Description of the task: A word-for-word copy of the following listing is needed. Leave out its images.

Records shown:
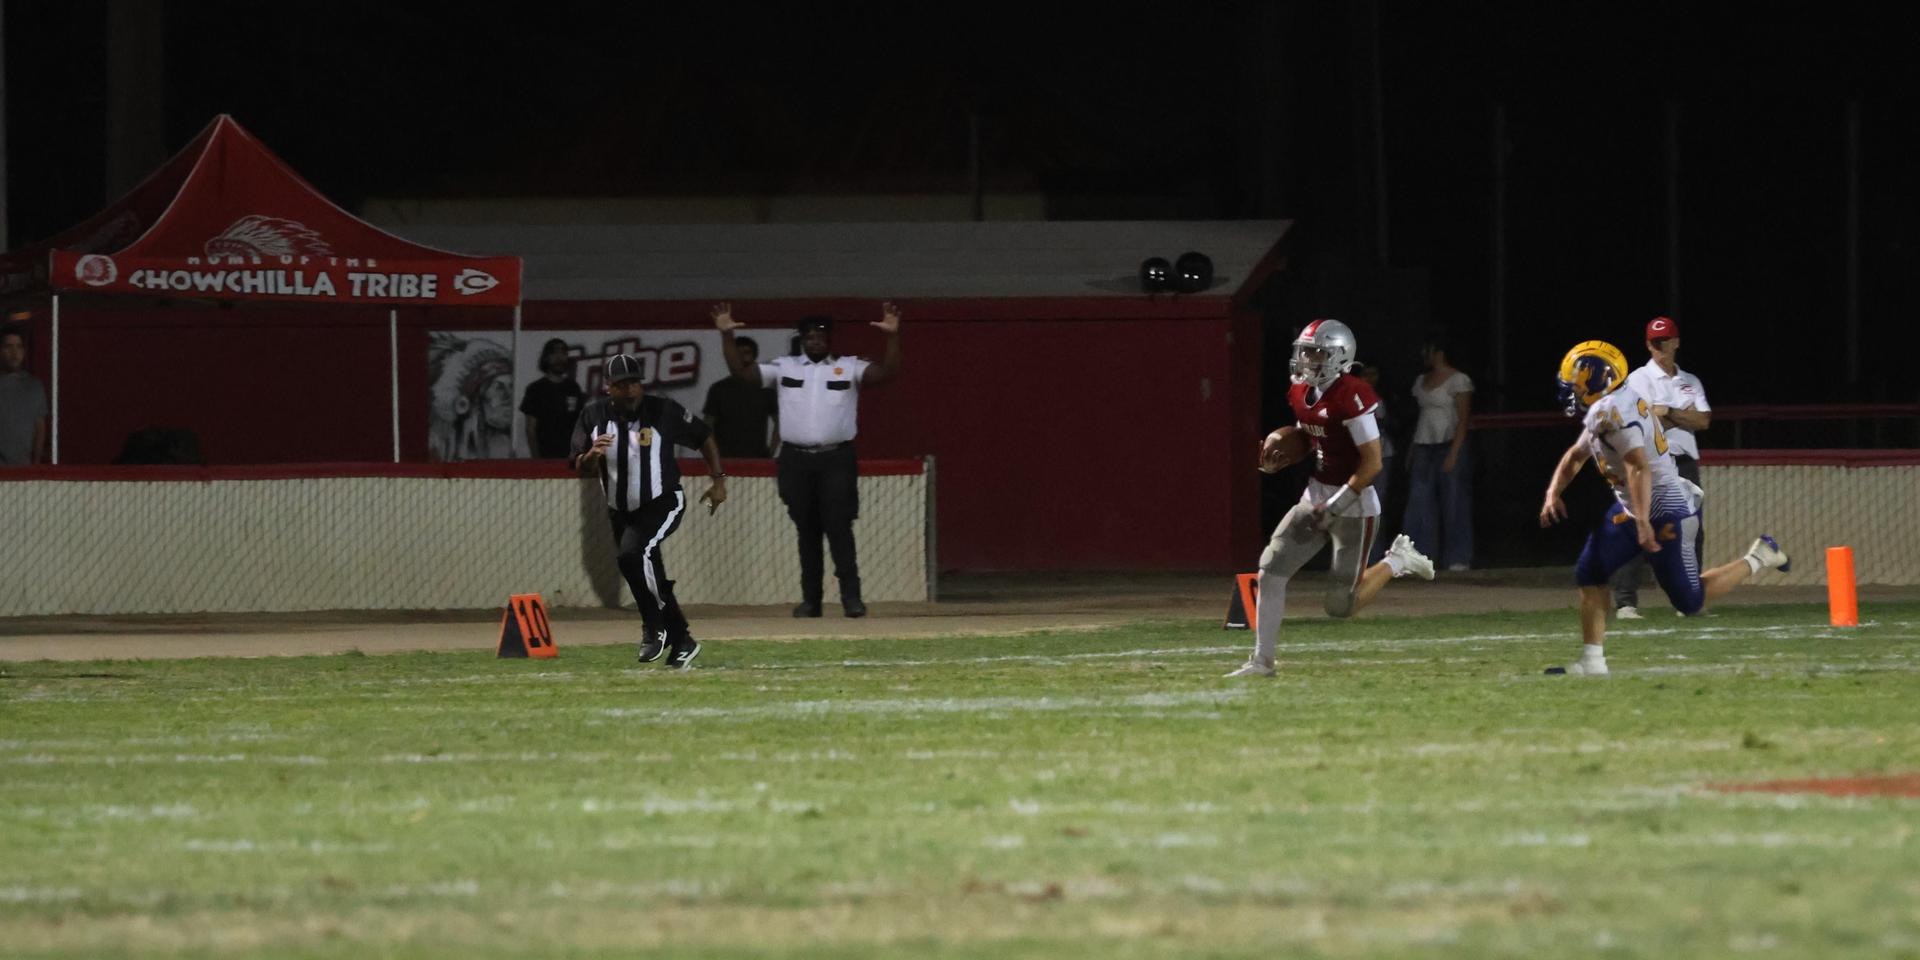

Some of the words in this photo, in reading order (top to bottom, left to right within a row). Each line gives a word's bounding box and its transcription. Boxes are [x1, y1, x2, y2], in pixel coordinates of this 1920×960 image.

[128, 268, 337, 297] CHOWCHILLA
[347, 271, 439, 299] TRIBE
[1651, 320, 1667, 331] C
[518, 599, 553, 649] 10
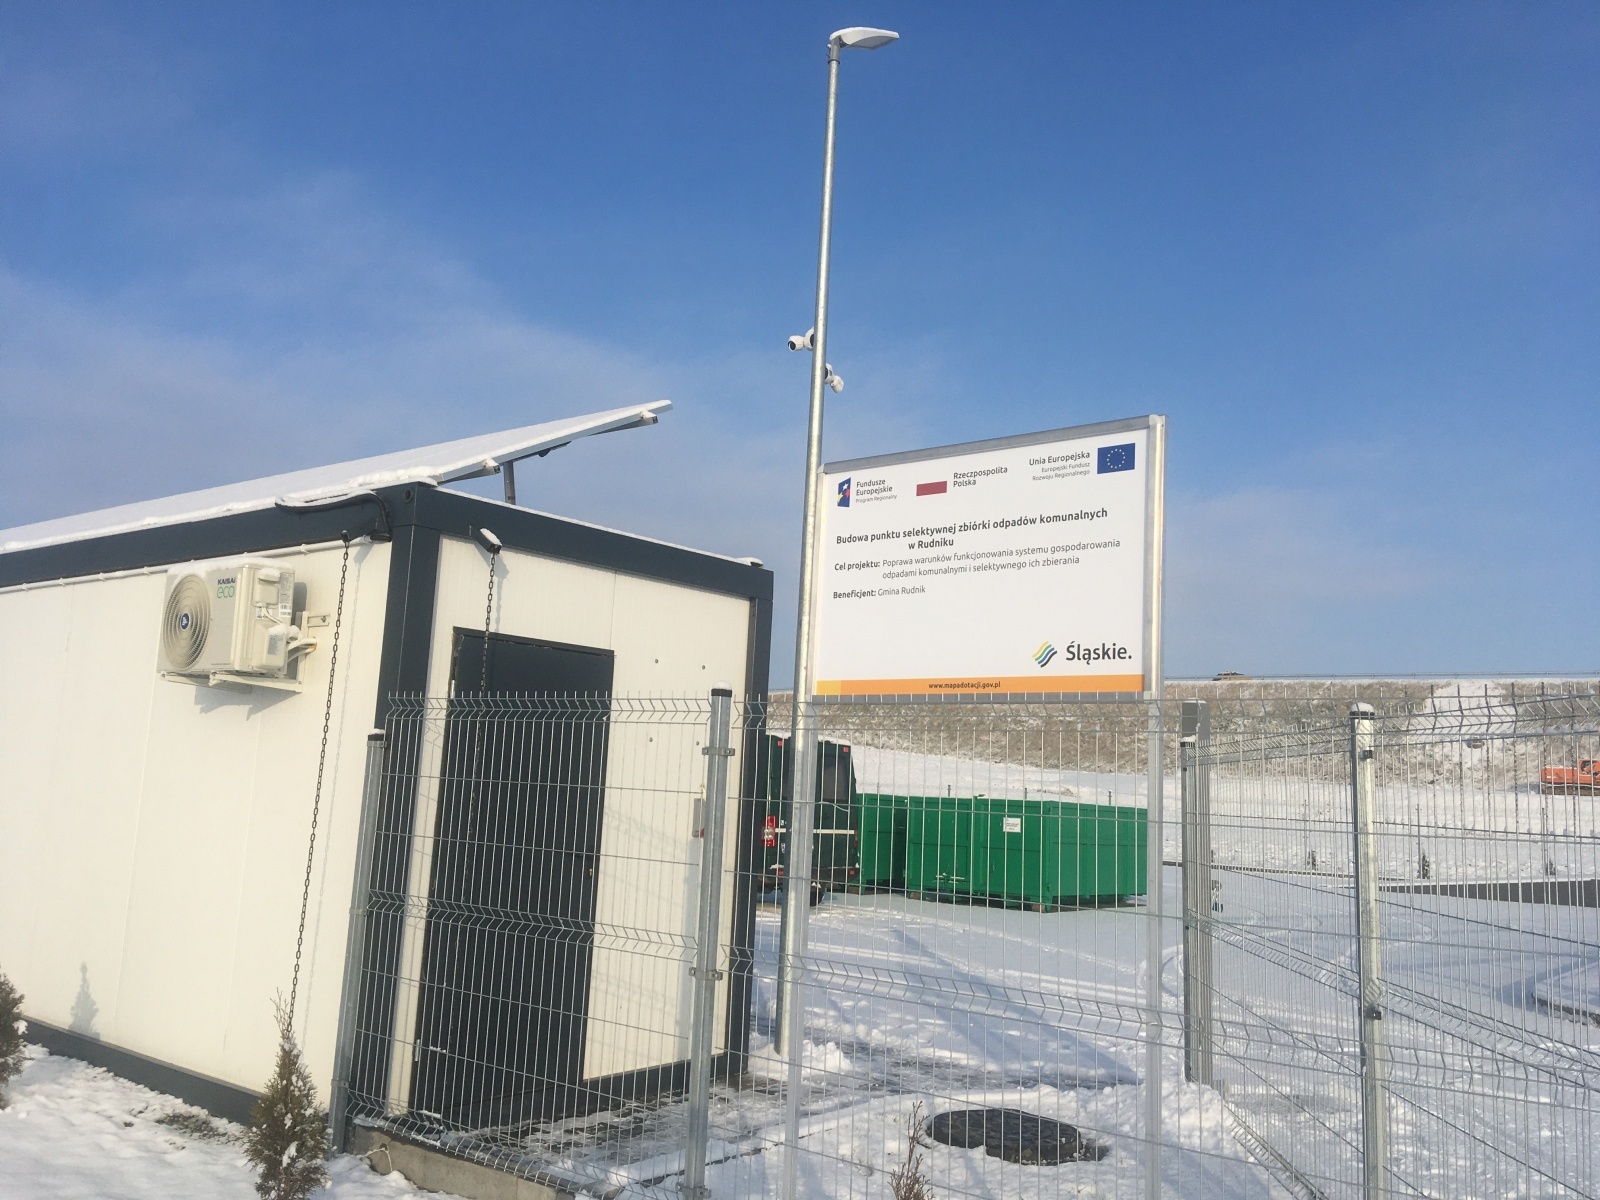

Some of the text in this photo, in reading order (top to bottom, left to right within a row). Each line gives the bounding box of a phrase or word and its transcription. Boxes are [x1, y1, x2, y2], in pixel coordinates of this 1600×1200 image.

Solution:
Some of the words in this photo, in reading order (top to bottom, left to right within a row). Each line gives a word's bounding box and its transcription. Boxes are [x1, y1, x2, y2], in pixel coordinates of this 1920×960 image.

[128, 268, 337, 297] CHOWCHILLA
[347, 271, 439, 299] TRIBE
[1651, 320, 1667, 331] C
[518, 599, 553, 649] 10

Some of the text in this photo, in reading order (top to bottom, left to right within a row). Each line gives the bounding box of a phrase or word and its transcription. Boxes are [x1, y1, x2, y2], in pixel coordinates of this 1600×1200 image.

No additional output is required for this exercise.